The consolidation of Chinese rare earths is a concern


Author: Kristin Vekasi, University of Maine

The world needs more readily available rare earth metals. These metals are used in energy transition technologies such as electric vehicles and wind turbines, in most contemporary electronic gadgets, and in some defense applications. Over the next few decades, the demand for rare earths is expected to increase two to eight times the current supply.

Rare earths are part of a complex global value chain. Considerable expertise is required to transform the extracted concentrates into refined, separated and industrially useful oxides. Through effective long-term investments in the rare earth supply chain, China has gained around 50-60% of the mining market share and around 90% in the intermediate processing stage.

In recent years, China’s domestic demand has begun to outpace supply due to expanding e-vehicle and renewable energy markets. China has even started importing crucial heavy rare earths from Myanmar, a source of supply that has been disrupted by the COVID-19 pandemic and civil conflict.

When China announced the creation of a new state-owned China Rare Earth Group in January 2022, it caused tremors.

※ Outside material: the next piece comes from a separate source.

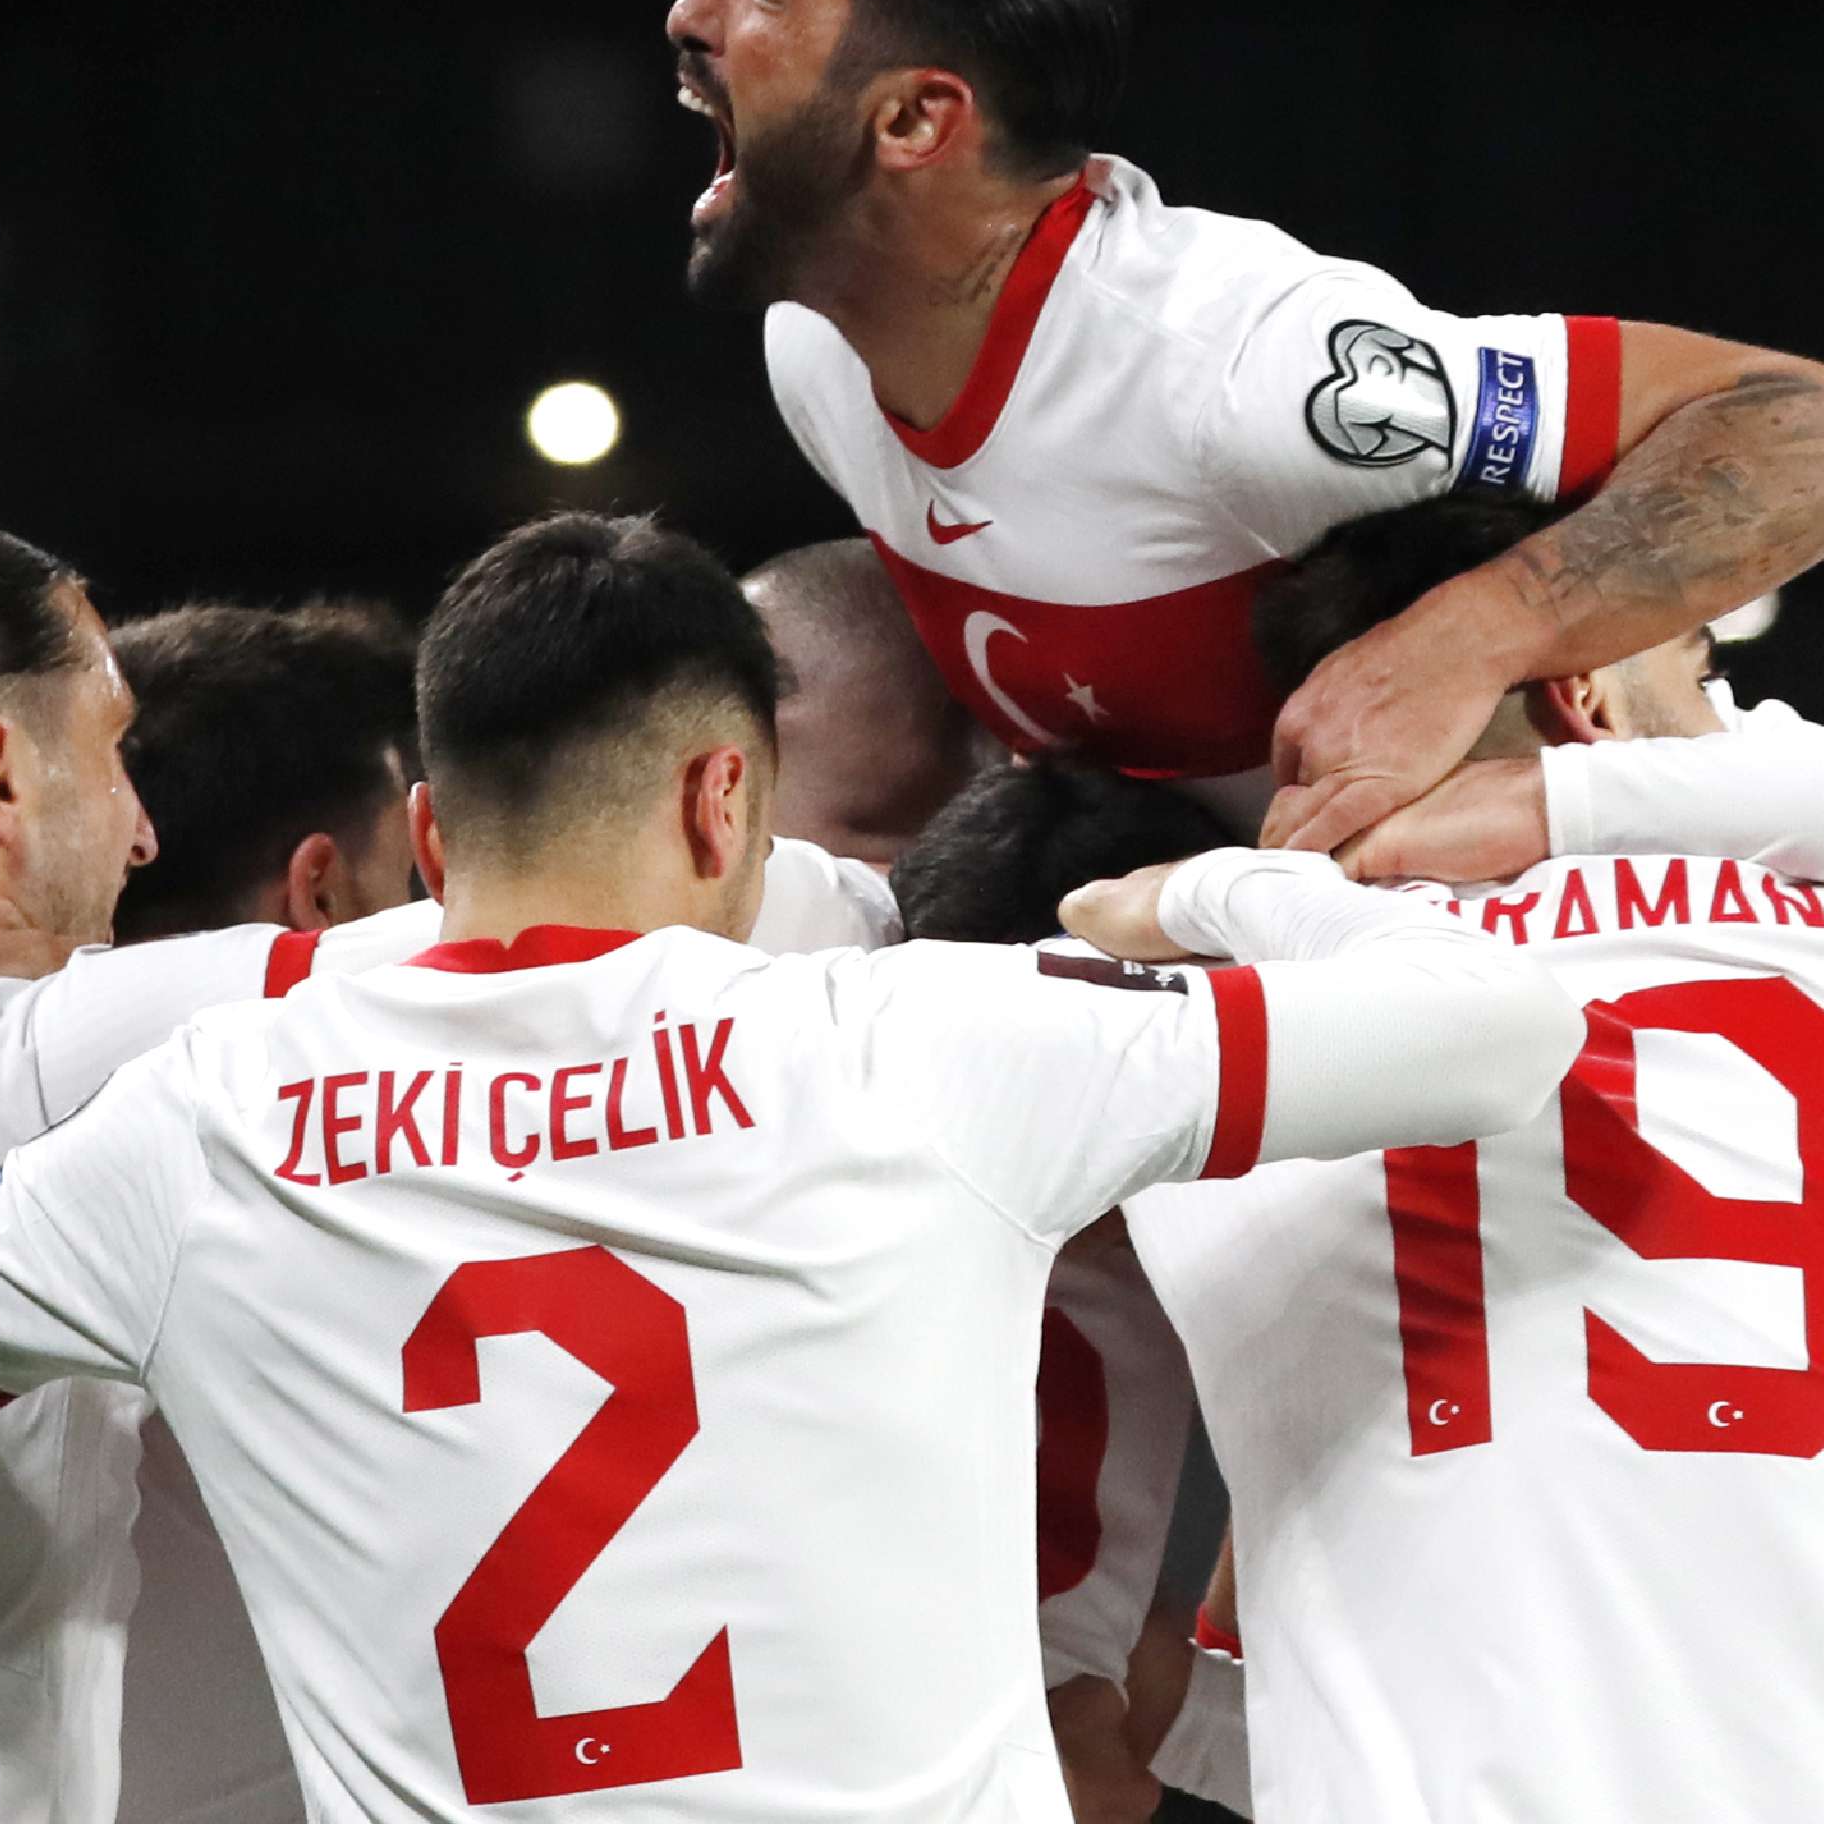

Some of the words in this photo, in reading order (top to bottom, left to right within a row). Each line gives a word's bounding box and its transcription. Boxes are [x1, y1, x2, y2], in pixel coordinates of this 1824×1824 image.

[1482, 351, 1525, 483] RESPECT
[275, 1061, 463, 1187] ZEKİ
[490, 1010, 755, 1182] ÇELİK
[402, 1245, 743, 1806] 2

The new “megafirm” will control 60 to 70% of Chinese production of rare earths, which corresponds to 30 to 40% of the world supply.

This extraordinary market share is similar to Taiwan Semiconductor Manufacturing Company’s 50% share of global semiconductor manufacturing. Recent history highlights the problems of such market concentration. Supply chain issues exacerbated by the pandemic have shown how reliance on a single company or country can be disruptive and difficult to resolve when the source company or country cannot not deliver. The high concentration of production and asymmetric trade dependencies have facilitated the use of economically coercive trade and investment policies around the world.

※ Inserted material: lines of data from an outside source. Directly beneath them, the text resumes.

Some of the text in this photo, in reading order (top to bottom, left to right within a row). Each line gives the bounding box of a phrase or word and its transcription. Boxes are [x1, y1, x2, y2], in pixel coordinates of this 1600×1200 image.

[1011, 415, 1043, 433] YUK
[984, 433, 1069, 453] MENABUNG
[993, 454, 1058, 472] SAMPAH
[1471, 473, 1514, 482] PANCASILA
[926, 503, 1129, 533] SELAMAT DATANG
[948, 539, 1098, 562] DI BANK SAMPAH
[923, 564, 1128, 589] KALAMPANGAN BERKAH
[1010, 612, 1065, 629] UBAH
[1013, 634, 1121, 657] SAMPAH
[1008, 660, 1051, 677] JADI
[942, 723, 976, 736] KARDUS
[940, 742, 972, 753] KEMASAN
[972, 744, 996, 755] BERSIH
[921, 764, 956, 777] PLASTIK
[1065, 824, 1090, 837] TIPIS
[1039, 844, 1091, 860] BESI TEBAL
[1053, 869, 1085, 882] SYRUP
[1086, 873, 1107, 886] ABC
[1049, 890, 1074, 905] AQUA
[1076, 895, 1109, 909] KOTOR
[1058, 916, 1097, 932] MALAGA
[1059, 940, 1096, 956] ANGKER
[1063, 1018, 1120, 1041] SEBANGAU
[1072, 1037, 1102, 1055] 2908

Import-dependent countries such as Japan and the United States have securitized rare earths, as well as other minerals that have recently been deemed “critical”. In late 2021, a US Department of Defense official said the critical materials sector is a “microcosm for the geopolitical and geocompetitive forces shaping the 21st century.”

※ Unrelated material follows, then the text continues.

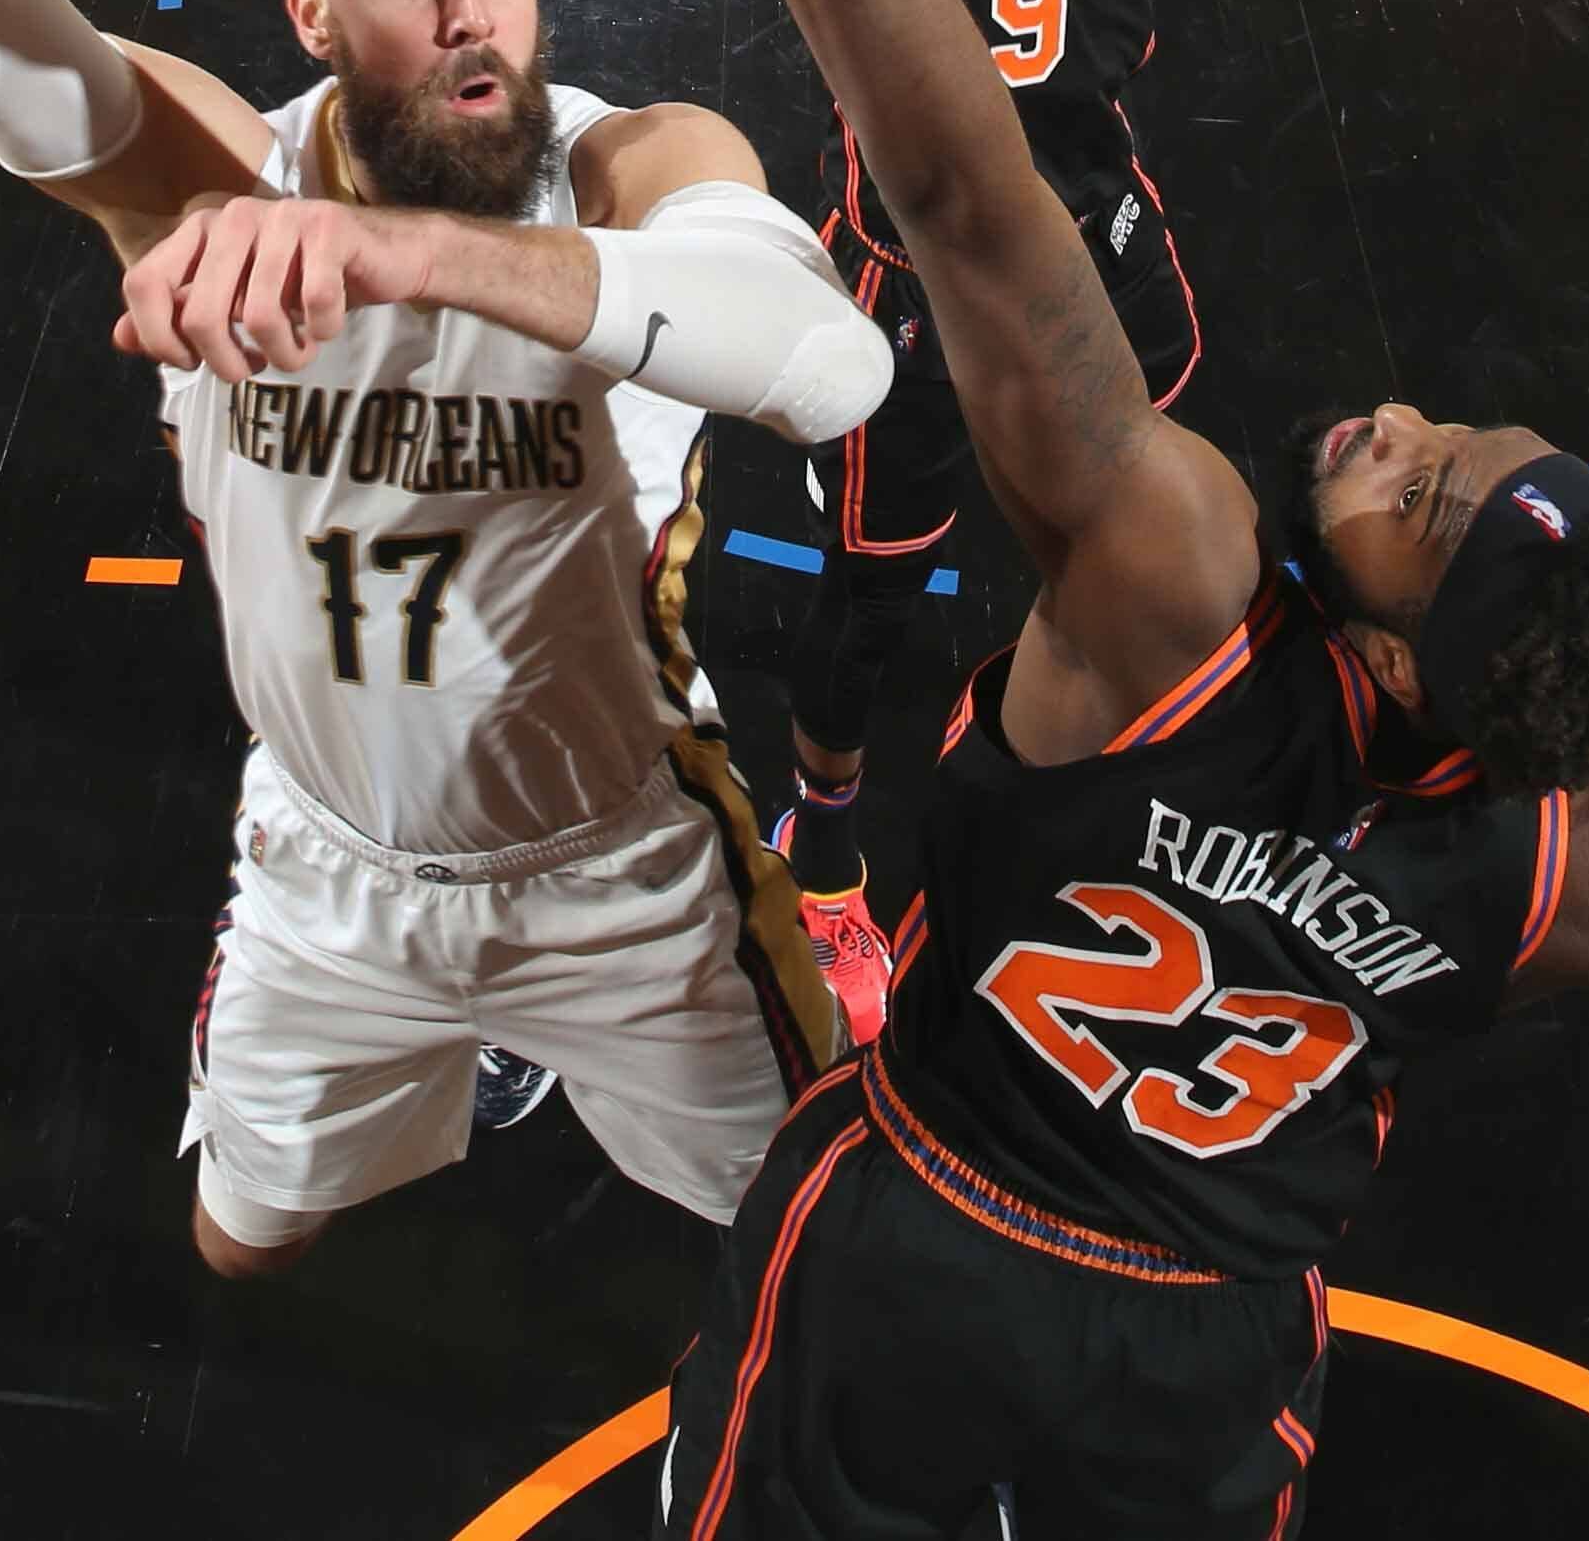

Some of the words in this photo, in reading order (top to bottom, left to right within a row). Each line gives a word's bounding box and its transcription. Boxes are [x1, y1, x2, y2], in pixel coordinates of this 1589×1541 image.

The United States has reinvigorated domestic production of rare earth minerals. But the United States still depends on China for most post-processing and lacks an independent supply chain. For more than a decade, Japan has been spurred by the so-called rare earth mineral export ban — amid an erupting territorial dispute with China — to invest in rare earth diversification. But Japan faces similar challenges to the United States in developing an independent supply chain for rare earth minerals. Building a new supply chain can take up to a decade, and most proposed projects fail.

Concerns about rare earth supplies from China are not unfounded. In the 2000s, China implemented quantitative restrictions on the export of rare earths, and China’s alleged 2010 export ban on Japan heightened fears among importing countries that Chinese rare earths could be a tool of techno-nationalism. The WTO ruled against these restrictions, leading China to implement production quotas that also restricted supply. In the United States, stakeholders associate these concerns with defense applications of rare earths, in line with Washington’s discourse on competition and economic decoupling with China.

China has been supplying the world with rare earths for three decades. Chinese research and development has increased efficiency and yields from rare earth mining and processing. The increased vertical integration of China Rare Earth Group will likely improve the yields of existing mines.

The China Rare Earth Group is the result of the merger of three major mining conglomerates and two research institutes. It will control China’s heavy and medium rare earths, under the supervision of the State Council’s Public Assets Supervision and Administration Commission. Another rare earth mega-corporation that controls China’s light rare earths may emerge in the future.

The main objectives of the new mega-corporation are rooted in the national political economy, including consolidating the market under state control, matching supply to demand, emphasizing the vertical integration and higher value-added domestic production, and greater price stability. Rare earth prices have increased due to growing demand and constraints from Chinese producers, including environmental regulations.

Consolidation will likely cement China’s dominant position in the global market, especially in post-processing. For governments and companies concerned about rare earths as a supply chain choke point, this news will exacerbate that concern. They should seize this opportunity to redouble their efforts to diversify supply chains through market-based approaches and public-private partnerships. Given that one of the non-Chinese rare earth supply chains relies on Russian ores and Estonian processing, policymakers should be aware of the realities and challenges of broad and resilient diversification.

OECD countries should diversify even in the absence of geopolitical competition. Diversification and resilient supply chains are needed to keep pace with the growth of the green economy and to meet the demands of proposed Green New Deal policies. Policymakers should view this merger as a boost to meeting the challenge of a green energy future.

Kristin Vekasi is an associate professor in the Department of Political Science and the School of Politics and International Affairs at the University of Maine.